About this task: Your reply should consist solely of the lines from the one containing "this 1400×1748 image." through the end of the data, restated word for word.

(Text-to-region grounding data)
_ _ _

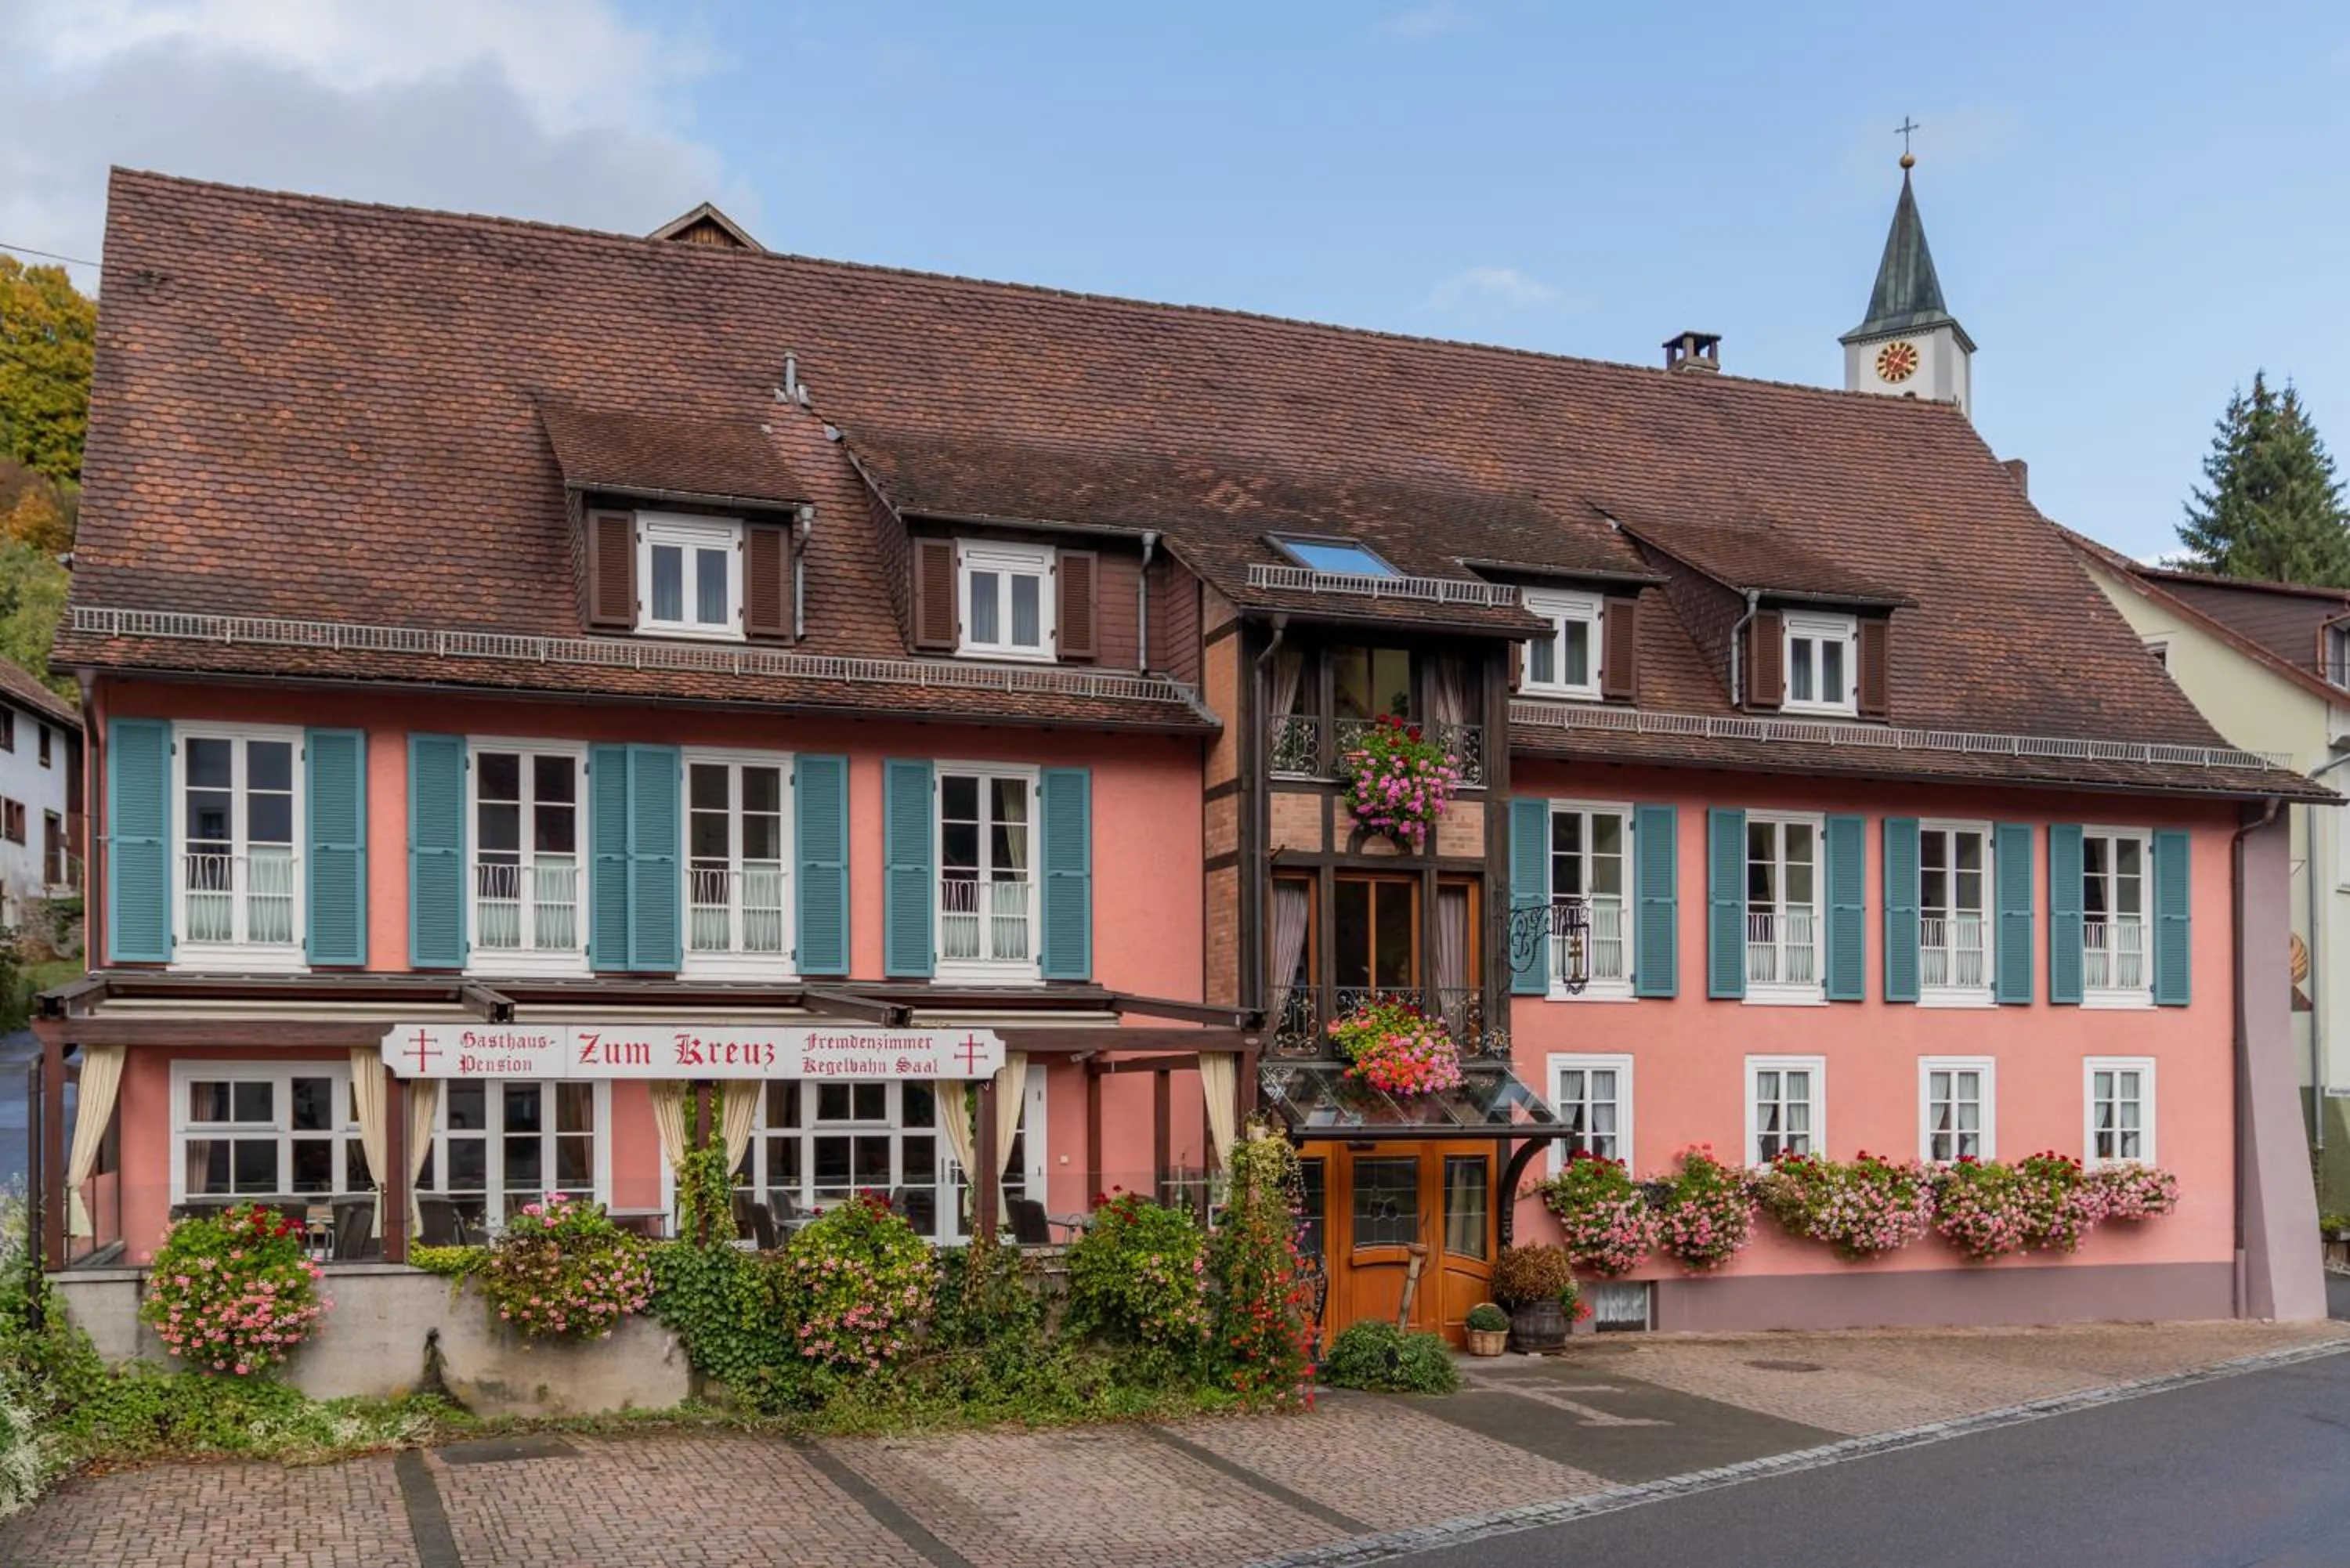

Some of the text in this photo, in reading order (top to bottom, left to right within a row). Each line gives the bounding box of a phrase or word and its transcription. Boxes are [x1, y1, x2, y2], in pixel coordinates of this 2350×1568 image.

[460, 1031, 556, 1050] Gasthaus-
[801, 1033, 933, 1053] Fremdenzimmer
[578, 1033, 776, 1071] Zum Kreuz
[458, 1054, 532, 1074] Pension
[801, 1057, 938, 1075] Kegelbahn Saal
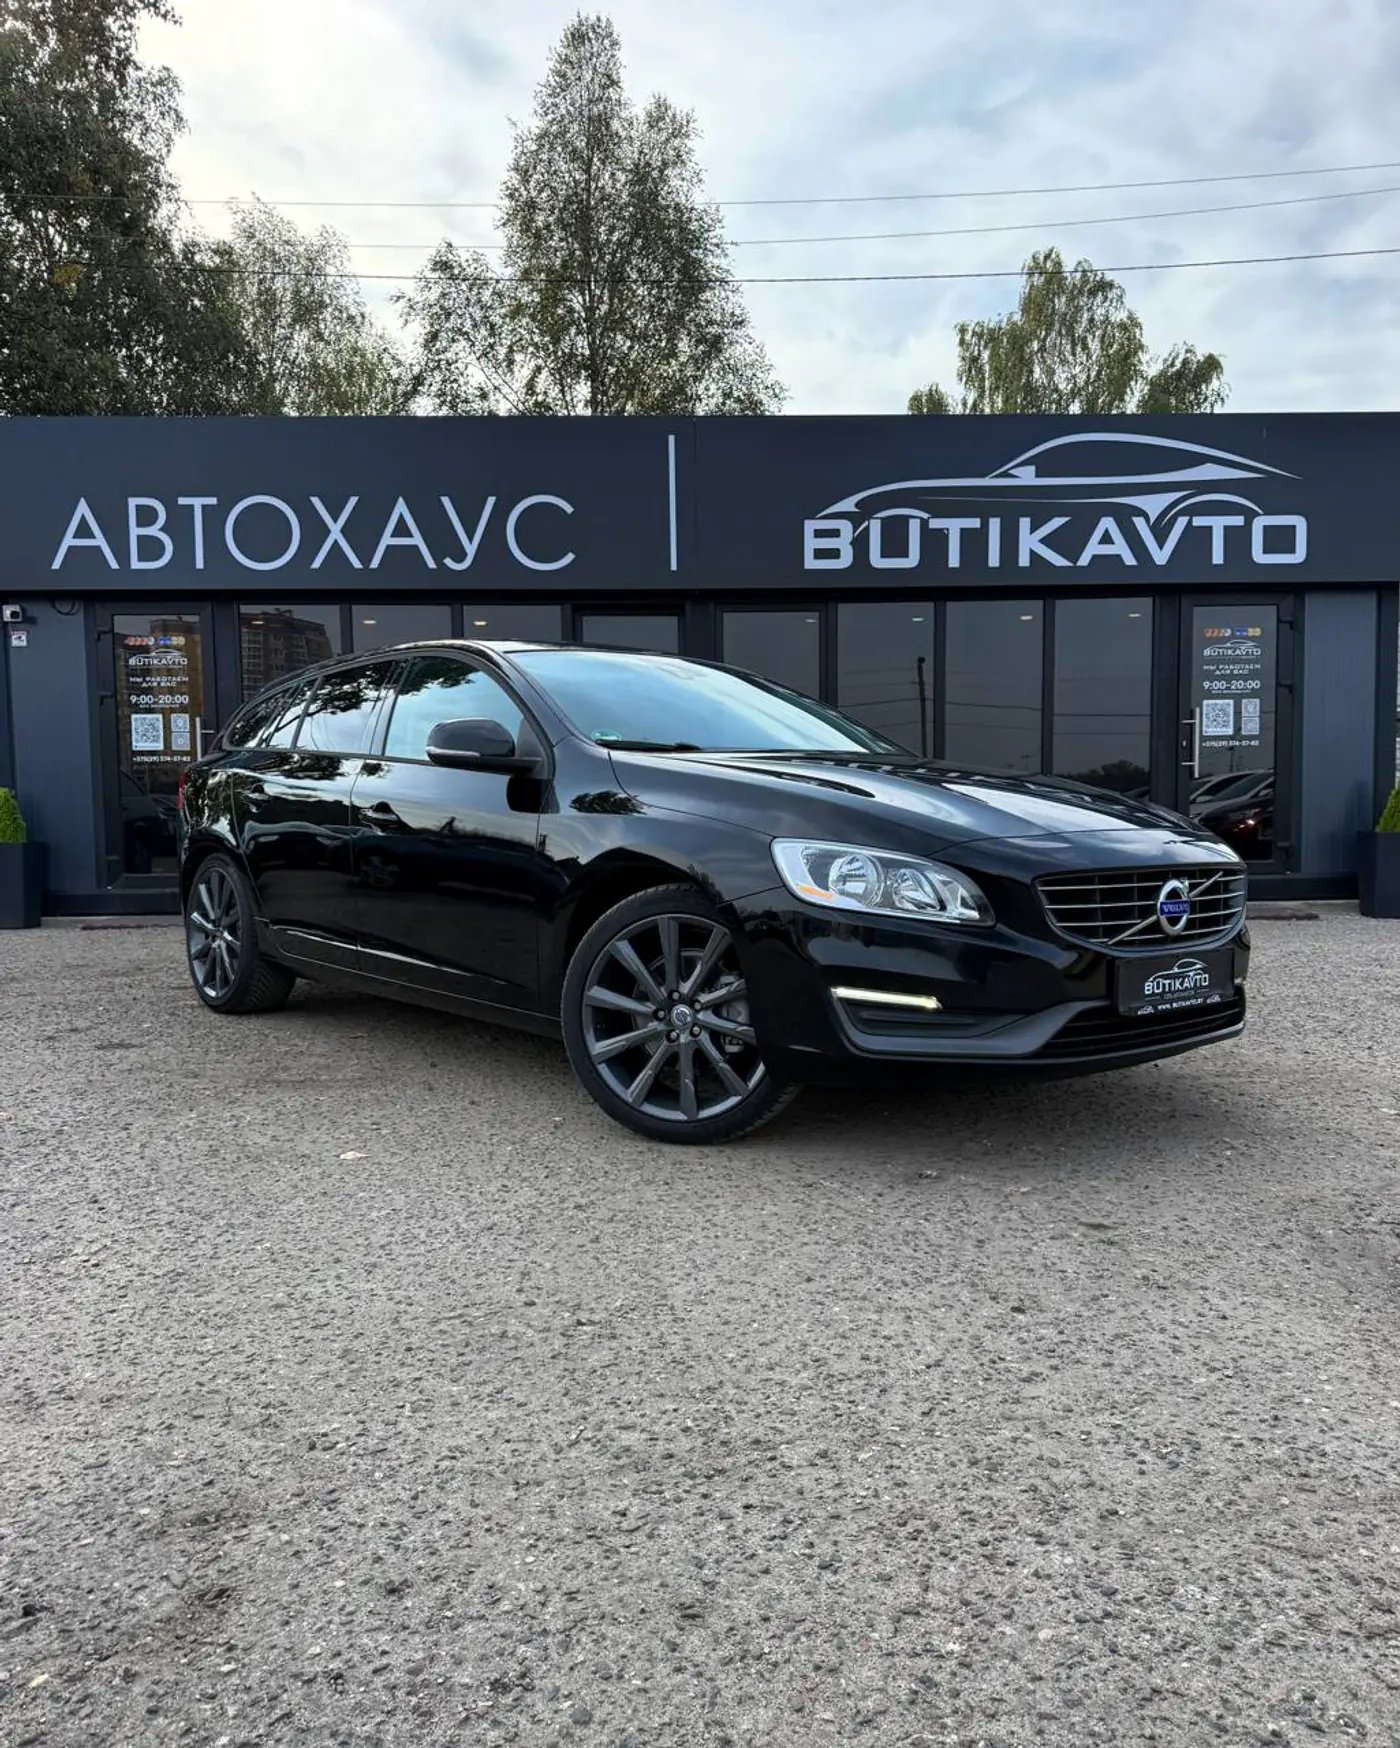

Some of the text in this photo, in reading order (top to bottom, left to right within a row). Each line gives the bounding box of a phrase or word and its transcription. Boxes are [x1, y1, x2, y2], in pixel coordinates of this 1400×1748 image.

[51, 495, 576, 571] АВТОХАУС
[803, 514, 1308, 570] BUTIKAVTO
[1203, 648, 1261, 657] BUTIKAVTO
[129, 657, 188, 666] BUTIKAVTO
[1203, 680, 1260, 690] 9:00-20:00
[130, 694, 189, 704] 9:00-20:00
[1144, 973, 1209, 995] BUTIKAVTO

_ _ _

Exercise response:
Some of the text in this photo, in reading order (top to bottom, left to right within a row). Each line gives the bounding box of a phrase or word and its transcription. Boxes are [x1, y1, x2, y2], in pixel coordinates of this 1400×1748 image.

[51, 495, 576, 571] АВТОХАУС
[803, 514, 1308, 570] BUTIKAVTO
[1203, 648, 1261, 657] BUTIKAVTO
[129, 657, 188, 666] BUTIKAVTO
[1203, 680, 1260, 690] 9:00-20:00
[130, 694, 189, 704] 9:00-20:00
[1144, 973, 1209, 995] BUTIKAVTO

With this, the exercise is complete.